Packages and Constants

import pandas as pd
import numpy as np
import altair as alt
import os
import math

PATH = os.getcwd() + "/data/demographics.csv"

Generic Functions

def get_column_from_csv(file, col_name):
    # Try to get the file and if it doesn't exist issue a warning
    try:
        df = pd.read_csv(file)
    except FileNotFoundError:
        print("File Doesn't Exist")
    else:
        return df[col_name]

def to_precision(x,p):
    """
    returns a string representation of x formatted with a precision of p

    Based on the webkit javascript implementation taken from here:
    https://code.google.com/p/webkit-mirror/source/browse/JavaScriptCore/kjs/number_object.cpp
    """

    x = float(x)

    if x == 0.:
        return "0." + "0"*(p-1)

    out = []

    if x < 0:
        out.append("-")
        x = -x

    e = int(math.log10(x))
    tens = math.pow(10, e - p + 1)
    n = math.floor(x/tens)

    if n < math.pow(10, p - 1):
        e = e -1
        tens = math.pow(10, e - p+1)
        n = math.floor(x / tens)

    if abs((n + 1.) * tens - x) <= abs(n * tens -x):
        n = n + 1

    if n >= math.pow(10,p):
        n = n / 10.
        e = e + 1

    m = "%.*g" % (p, n)

    if e < -2 or e >= p:
        out.append(m[0])
        if p > 1:
            out.append(".")
            out.extend(m[1:p])
        out.append('e')
        if e > 0:
            out.append("+")
        out.append(str(e))
    elif e == (p -1):
        out.append(m)
    elif e >= 0:
        out.append(m[:e+1])
        if e+1 < len(m):
            out.append(".")
            out.extend(m[e+1:])
    else:
        out.append("0.")
        out.extend(["0"]*-(e+1))
        out.append(m)

    return "".join(out)

Data loading and cleaning¶

Read file, as csv was saved on excel it has some issues of encoding, also actual header is for humans.

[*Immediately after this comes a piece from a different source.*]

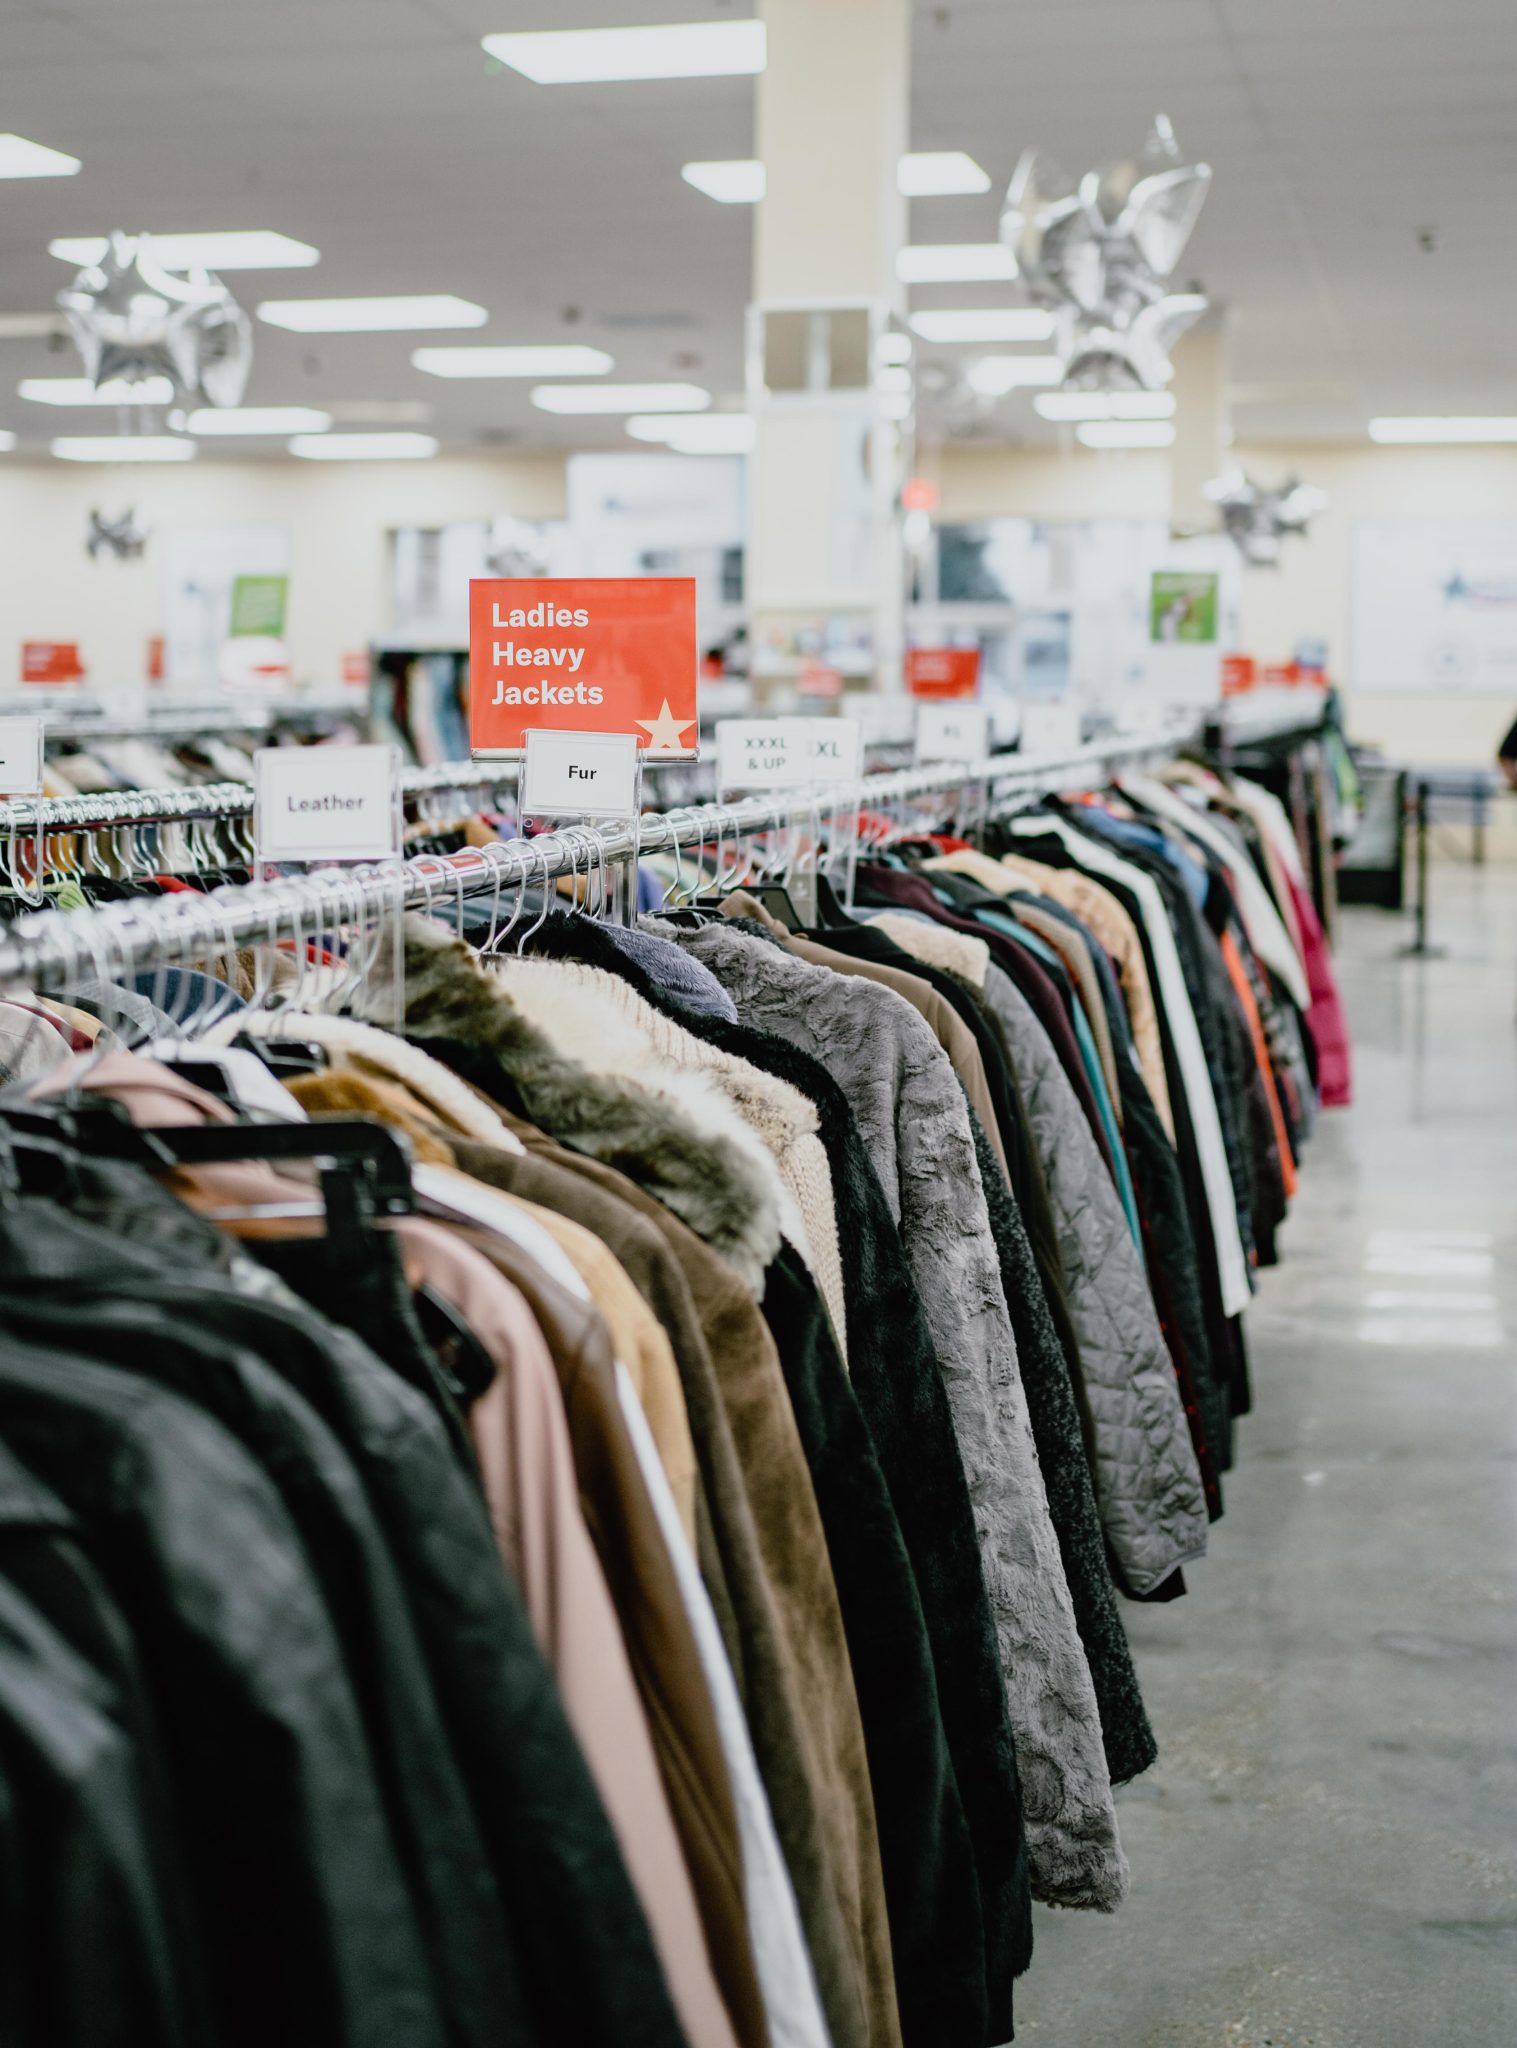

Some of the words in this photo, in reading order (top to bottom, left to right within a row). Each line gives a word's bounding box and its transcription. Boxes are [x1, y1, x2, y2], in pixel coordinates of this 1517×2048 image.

df = pd.read_csv(PATH, header=1,encoding='cp1252')
df.head()

Wrangle the useful stuff

df = df.rename(columns = {
    'WC04_01': 'PID',
    'WC04_03': 'UID',
    'WC04_02': 'codename',
    'SD02_01': 'age',
    'PD04_01': 'gender',
    'SP03_01': 'vr_exp_a',
    'SP03_02': 'vr_exp_b',
    'MK02_01': 'music_years',
    'MK04_01': 'computer_music_years'
})
value_list = ['AF01_rgs', 'OQ01_01', 'OQ02_01','OQ03_01','OQ04_01', 'OQ05_01','MK01',
              'MK01_01','MK01_02','MK01_03','MK01_04','MK01_05','MK01_06','MK01_08','MK01_08a', 'MK01_09',
              'MK01_07','MK01_07a','MK05_01','MK06','MK01_09a']
df = df.drop(value_list, axis = 1)
# Female = 0, Male = 1
df.gender = [1,0,1,1,1,1,1,1,1,1,1,1]
df

Statistics¶

Get basic demographics for paper¶

print('Age, Years M(SD): '+ to_precision(df.age.mean(),3) +'('+ to_precision(df.age.std(),3) +')')
print('VR Experience A, 1-7 M(SD): '+ to_precision(df.vr_exp_a.mean(),3) +'('+ to_precision(df.vr_exp_a.std(),3) +')')
print('VR Experience B, 1-7 M(SD): '+ to_precision(df.vr_exp_b.mean(),3) +'('+ to_precision(df.vr_exp_b.std(),3) +')')
print('Music Experience, Years M(SD): '+ to_precision(df.music_years.mean(),3) +'('+ to_precision(df.music_years.std(),3) +')')
print('Computer Music Experience, Years M(SD): '+ to_precision(df.computer_music_years.mean(),3) +'('+ to_precision(df.computer_music_years.std(),3) +')')
print('Genders: M=11, F=1' )

Age, Years M(SD): 32.7(6.06)
VR Experience A, 1-7 M(SD): 4.67(1.30)
VR Experience B, 1-7 M(SD): 4.50(1.31)
Music Experience, Years M(SD): 17.3(7.20)
Computer Music Experience, Years M(SD): 11.1(7.86)
Genders: M=11, F=1

Compute MSI¶

msi_df = df.loc[:, 'UID':'MS02_05' ]
value_list = ['codename', 'vr_exp_a', 'vr_exp_b','music_years','computer_music_years']
msi_df = msi_df.drop(value_list, axis = 1)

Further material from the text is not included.